Ah, let’s all jump on board again! Just as the big bank managers
are restarting their risky speculations
again,
the art machine is starting to roll itself back on the same tracks
too? Only God knows just where the artists, who have always been
on the short-end of the money-stick in this gamut, can now
suddenly begin to scrape together actual income.
Many of us are living the
irreconcilable conflict between a desire to be left in peace
simply to make our art: pitted against that desire to share the
wealth of it with others for, well, wealth. This dilemma is
heightened when the art market pretends to offer us some real
means at a living if we just play by its rules, even though by
doing so often impels us to censure our more intimate roots of
invention.
These rules are the same as a
supermarket: the artist must offer produce easily recognizable by
its form and content, in
other words, to offer an always distinguishable brand. If
possible, it’s best to have every such expectation come neatly
packaged and easy to label. Warned off from any accepted criterion
that might explore the potential scope of our art, we often must
adapt familiar or current formulas to this end product.

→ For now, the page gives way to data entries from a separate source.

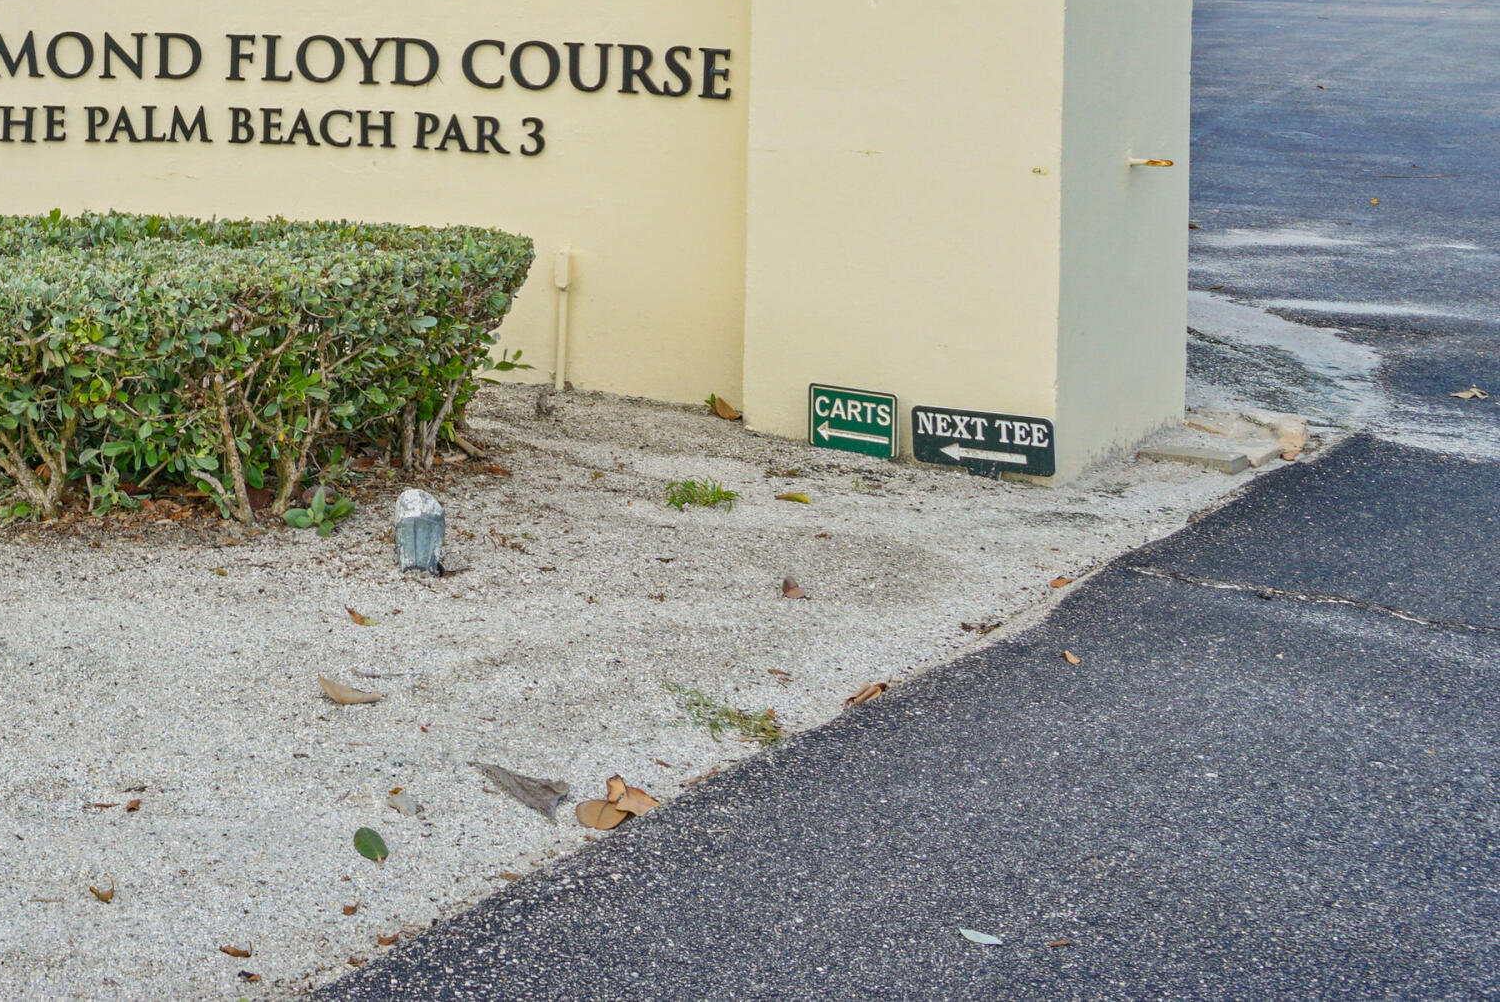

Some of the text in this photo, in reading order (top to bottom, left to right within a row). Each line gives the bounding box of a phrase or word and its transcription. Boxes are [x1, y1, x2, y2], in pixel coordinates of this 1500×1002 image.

[225, 33, 440, 87] FLOYD
[461, 38, 732, 100] COURSE
[83, 105, 213, 144] PALM
[228, 106, 396, 148] BEACH
[413, 111, 510, 155] PAR
[520, 116, 546, 156] 3
[814, 395, 891, 426] CARTS
[916, 410, 1050, 448] NEXT TEE
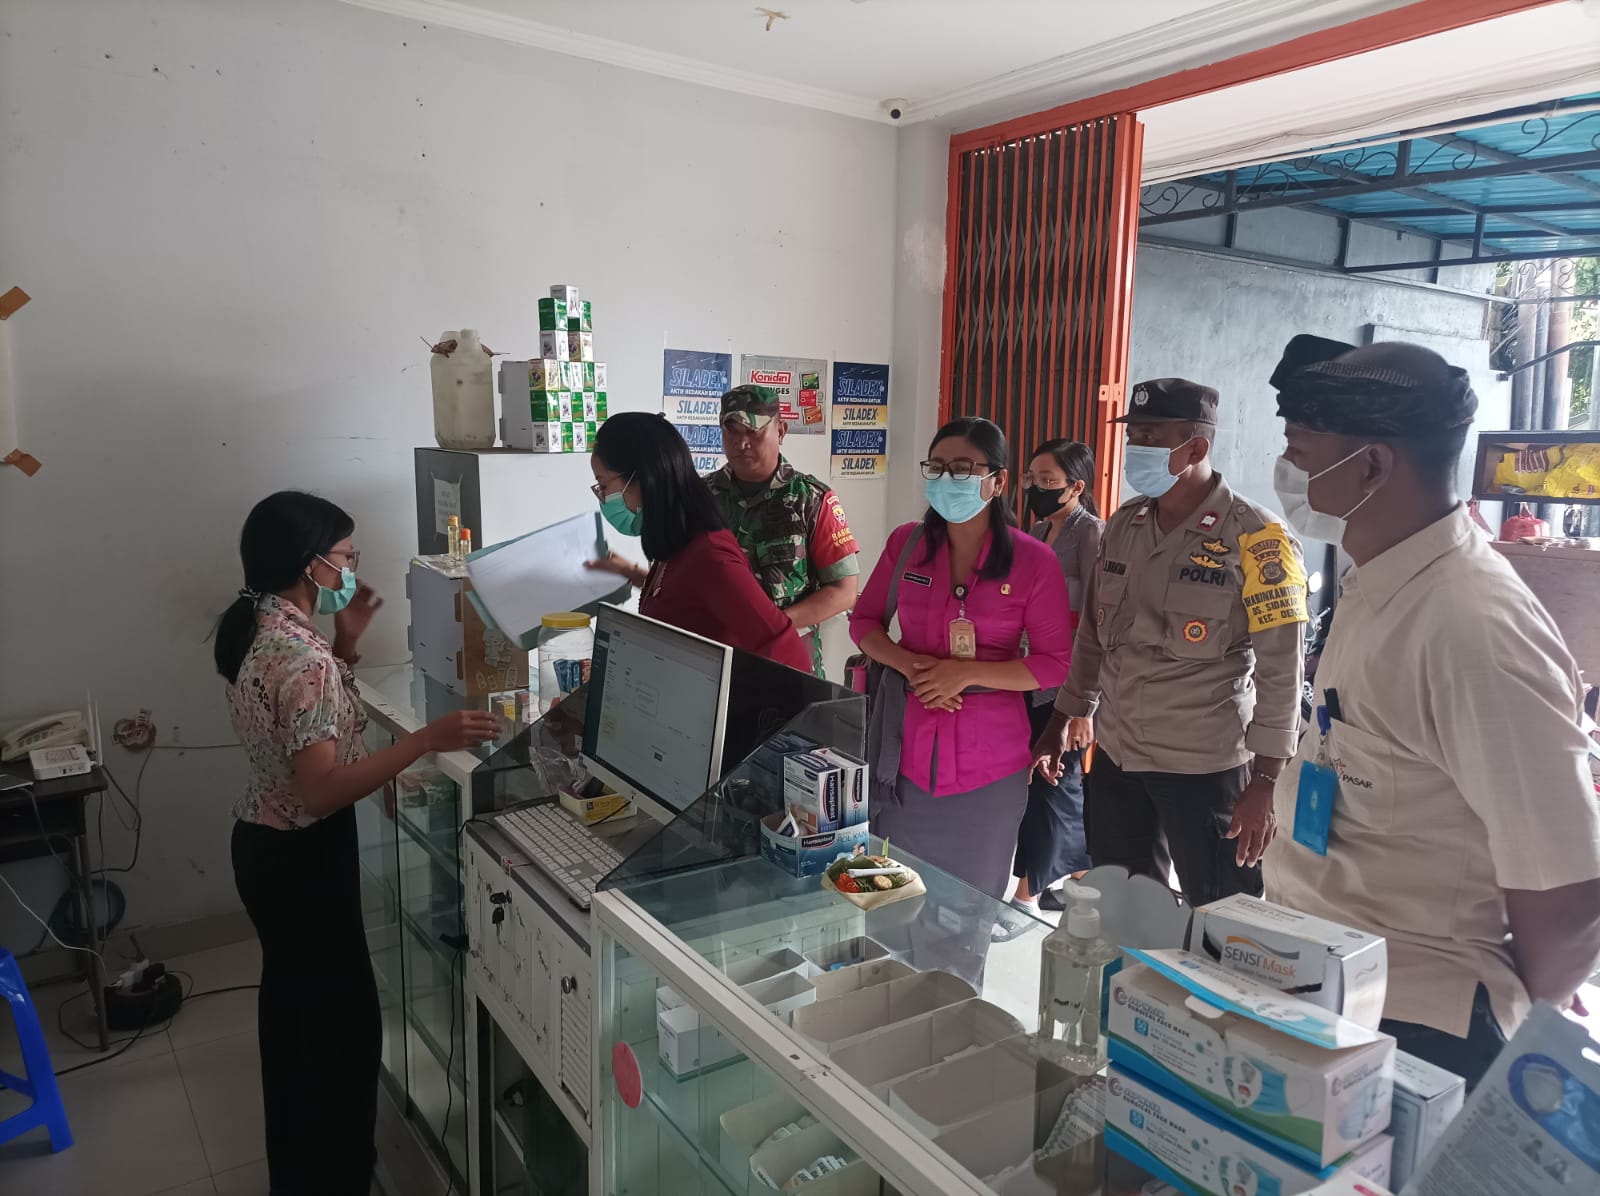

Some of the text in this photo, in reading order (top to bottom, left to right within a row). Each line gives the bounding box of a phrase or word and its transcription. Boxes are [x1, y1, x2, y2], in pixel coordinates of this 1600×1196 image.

From time to time, very rarely,
into the pervasive net of this mercantile stamp of approval an
authentic product happens to fall, often too late and often only
to the benefit of its author’s widow. The other ‘products’ at
market remain for the most part calculated, embracing the
repressed emotions and transformed ideas dealt out by the critics
and the wealthy collectors to whom they cater in order not to seem
antiquated.
In this suffocating and deeply
boring context, the artist discovers it nearly impossible to work
to overcome the forces in power, on the one hand to even be
allowed to enter the game while on the other simply to stay in it.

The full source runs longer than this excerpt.